The following meditation was written by Dr. Yvonne Martinez Thorne for Dr. Doug Hood’s upcoming book, A Month of Prayer & Gratitude: Five-Minute Meditations for a Deeper Experience of Gratitude.
“No, in all these things we are more than conquerors through him who loved us.” Romans 8:37 (NRSV)
“Dr. Martinez, give me hope. We need hope.” These heart-piercing words were uttered by one of my patients in a state psychiatric hospital where I worked as a budding psychologist. I had just finished a psychoeducational session with a group of patients when these words filled that room. As those words lingered in the silence and heaviness in the room, they began to stir something within me. What more was he asking for that I had not provided in the group session? Here was my patient, who usually remained silent, planning his next escape from the hospital, daring to speak these words to others and himself.
I had given him and others in the group what I had perceived as the needed information about substance abuse and mental illness. Yet, his question revealed that what I had presented did not address a deeper need coming from his searching and desperate heart: a deep need for hope. As I wrestled with his request and ensuing questions, I reflected on my own training to give hope and people’s need for hope.
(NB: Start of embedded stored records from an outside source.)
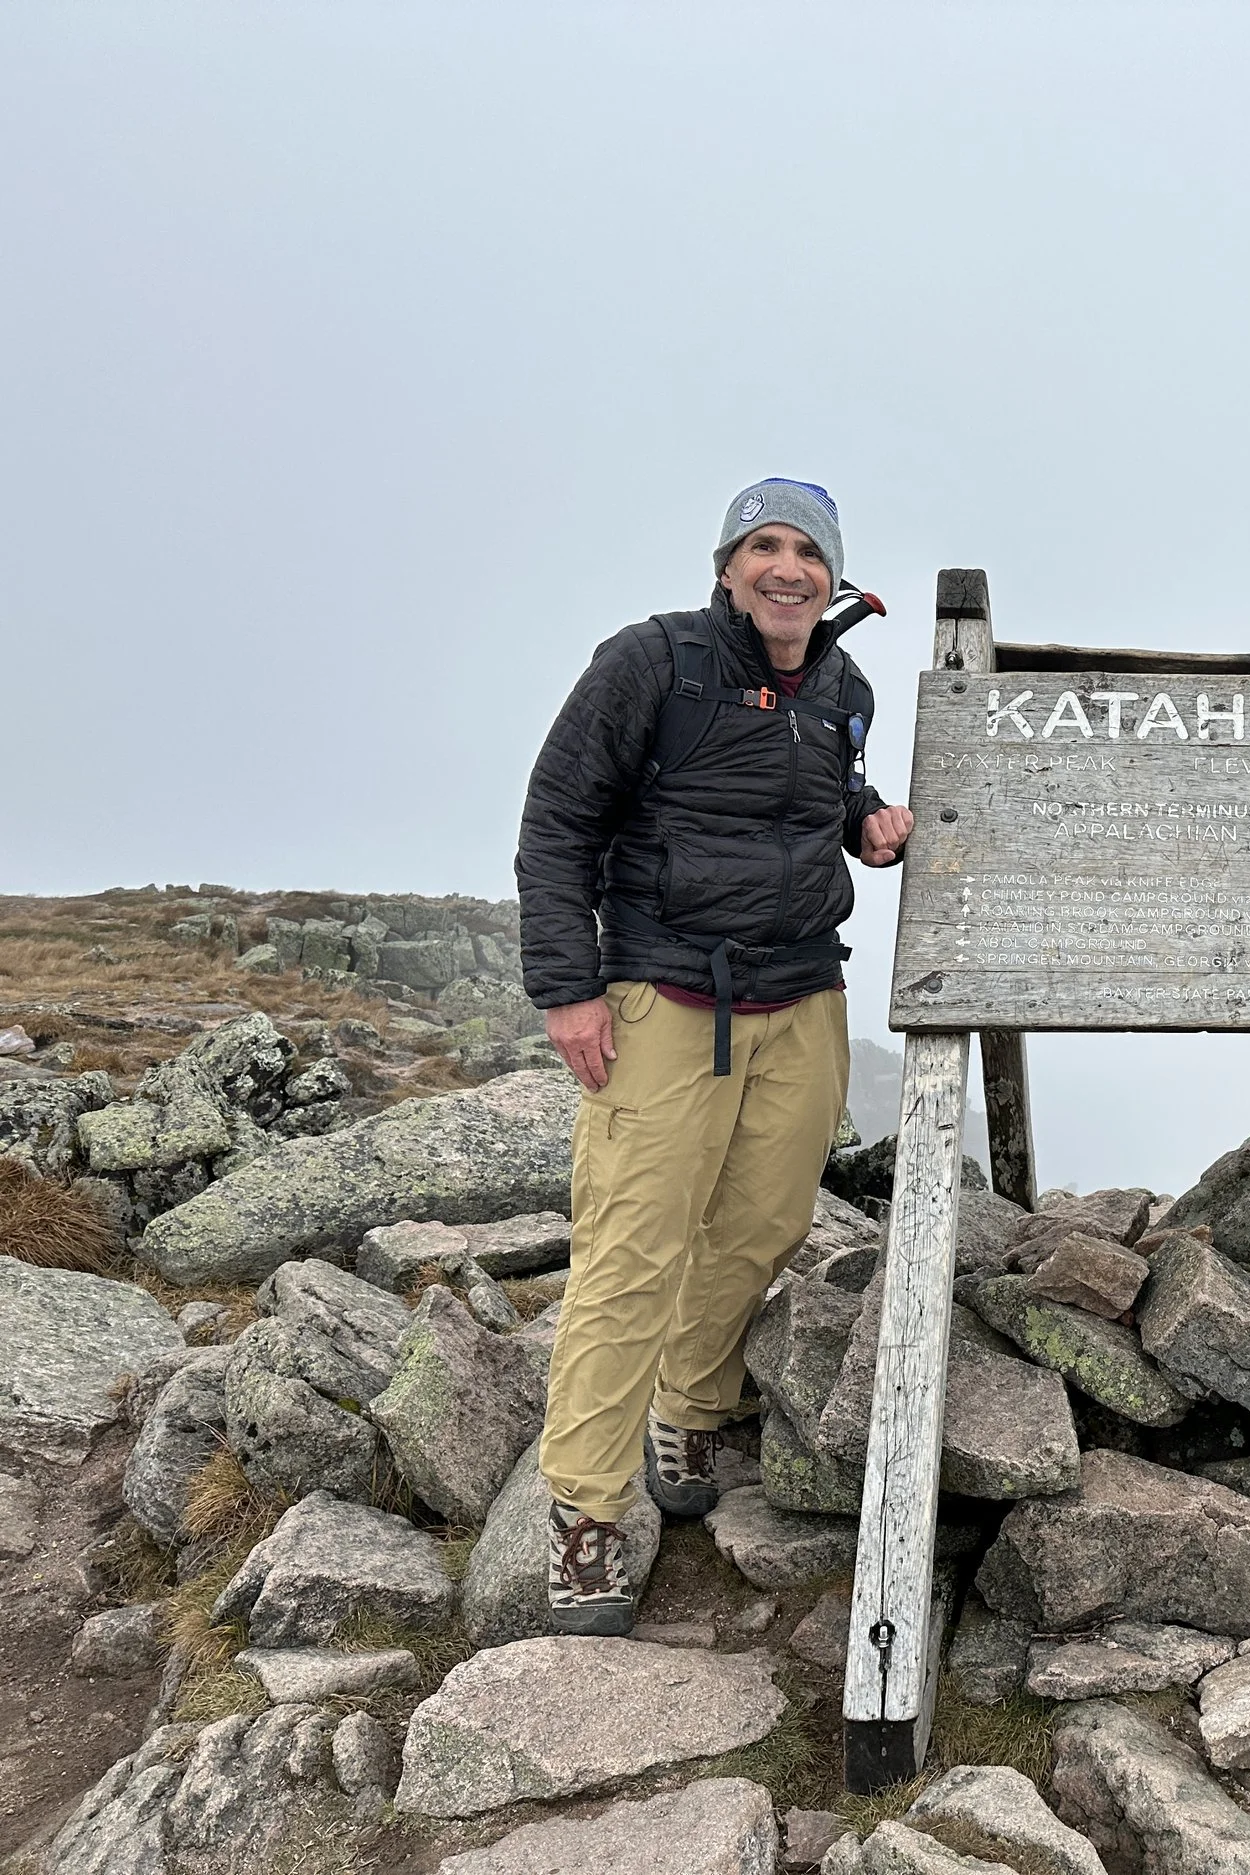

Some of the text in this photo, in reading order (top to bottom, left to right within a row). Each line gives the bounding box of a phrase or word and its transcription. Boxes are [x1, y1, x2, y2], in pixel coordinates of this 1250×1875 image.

[1049, 754, 1117, 771] PEAK
[1053, 823, 1237, 842] APPALACHIAN
[982, 874, 1048, 885] PAMOLA
[1053, 875, 1096, 886] PEAK
[1100, 878, 1122, 887] via
[1127, 876, 1174, 887] KNIFE
[981, 889, 1056, 901] CHIMNEY
[1060, 890, 1105, 902] POND
[1111, 892, 1227, 904] CAMPGROUND
[980, 904, 1055, 917] ROARING
[1060, 906, 1119, 918] BROOK
[1124, 907, 1241, 920] CAMPGROUND
[979, 921, 1062, 933] KATAHDIN
[1067, 922, 1134, 934] STREAM
[977, 937, 1022, 949] ABOL
[1027, 937, 1147, 950] CAMPGROUND
[976, 953, 1061, 965] SPRINGER
[1066, 954, 1158, 968] MOUNTAIN,
[1164, 955, 1239, 968] GEORGIA
[1102, 987, 1166, 1000] BAXTER
[1171, 987, 1220, 1000] STATE
At the beginning of my brother’s life-threatening illness, my family rallied around him, surrounding him with love and hope. Although we had never experienced terminal illness in our family, we were committed to walking alongside our dear brother, no matter the cost. We showered him with loving thoughts, inspiration, and emotional and physical support. As time passed and as the disease progressed in his body, we all found it difficult to sustain hope, his and ours. One day during a visit, he angrily cried out to me: “Don’t put me in the ground. I am not dead yet!” His words registered in my heart that he was reaching out for hope. His words pierced my soul much like my patient’s words did for me that day some months later.
My brother needed hope from his family to continue his journey in hope and in faith, even though we all knew that his life was coming to an end. Truth be told, in these two most challenging years, my family and I became more keenly aware of the power of God’s amazing grace, God’s unconditional love, and God’s abiding presence with us even in end-of-life situations. We were taught valuable lessons about hope, which gave us all a deeper understanding of gratitude in situations that seem to be without hope and in moments of exquisite pain. Hope can light a path to gratitude, if only we choose to remain open and believe in God’s wise purpose for our lives.
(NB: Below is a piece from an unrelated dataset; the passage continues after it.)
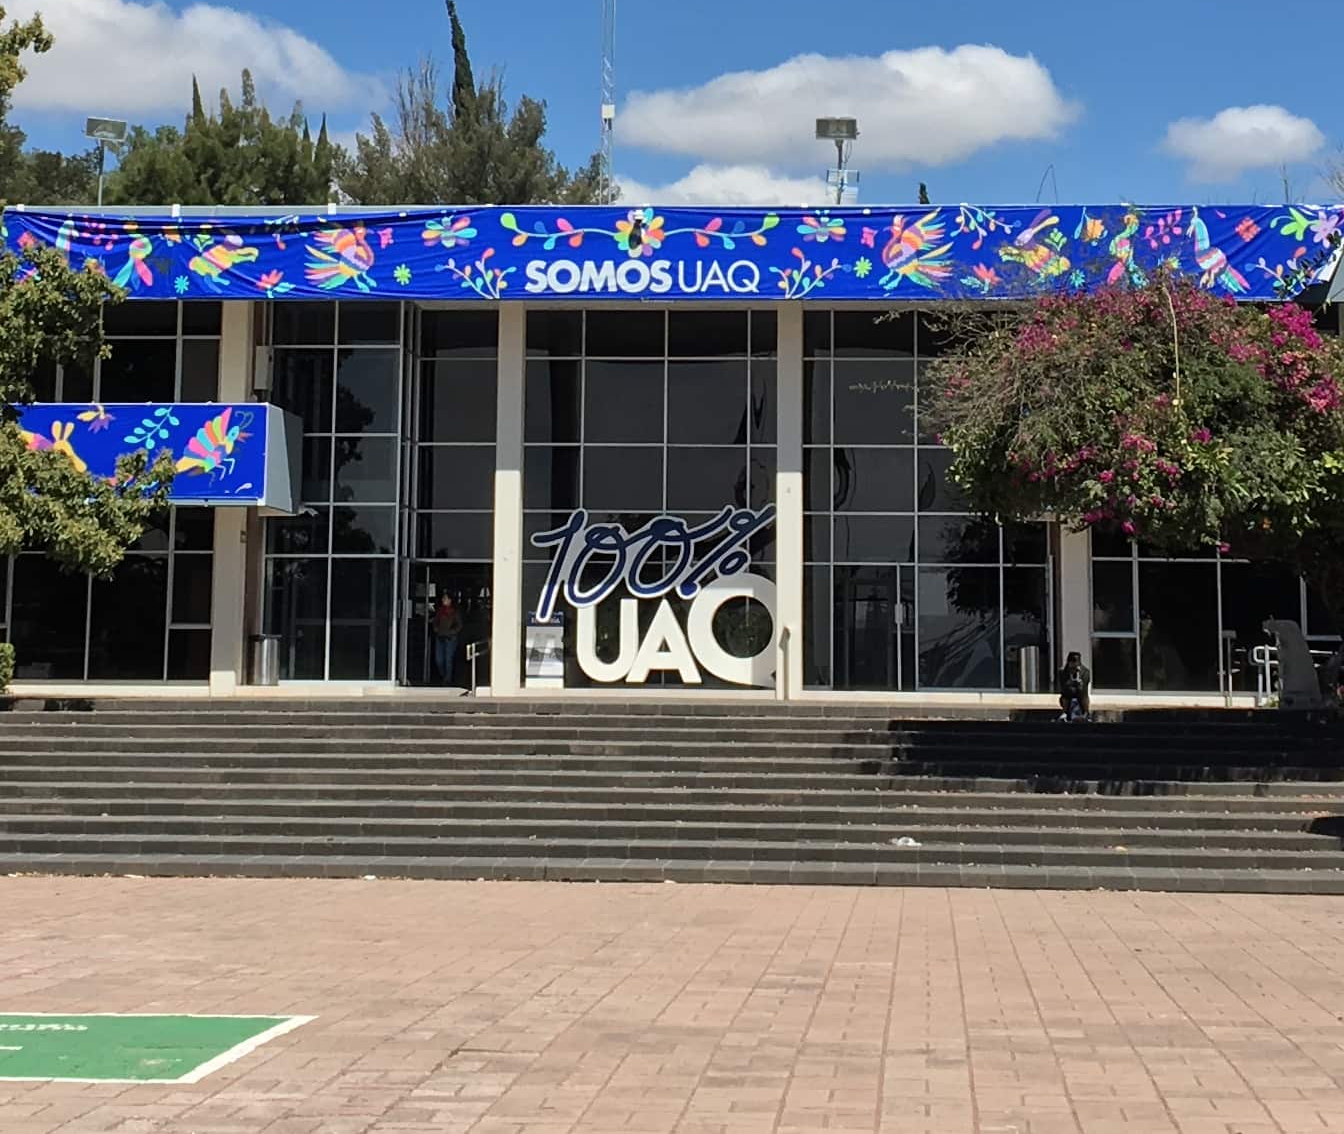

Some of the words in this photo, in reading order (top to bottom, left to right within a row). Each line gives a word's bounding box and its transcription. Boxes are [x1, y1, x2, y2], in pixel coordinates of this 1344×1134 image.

Let me put the matter this way. As my dear brother made his way into his eternal home, my family and I experienced the power of faith, compassion, and love that led to the emotional, relational, and spiritual healing we all needed. We learned that when we love as Christ taught us to love—deeply, selflessly, and sacrificially—we are able to reach into the bottomless depths of our capacity to love. This is a life-enriching gift. My family came to understand the Apostle Paul’s reminder to the Christ followers in Rome during their times of unrelenting persecution: “. . . we are more than conquerors through him who loved us.” (Romans 8:37, NSRV) My brother’s sad end became an experience where we all saw our beloved brother fight for his good death in his home with his loved ones surrounding him. With Christ as our hope, we are more than conquerors as we live this life that, at times, asks of us more than we can bear. And, as we struggle in life, and as we grow in our ability to see God in these difficult times, we are able to discover the amazing and faithful love that God has for us, no matter what! For this, I am truly grateful.
The funny thing is. Teachers have confessed that they often learn from their students. Pastors acknowledge that they learn from their parishioners. Psychologists, too, learn from their clients. Gratitude shows up in some strange and wonderful ways.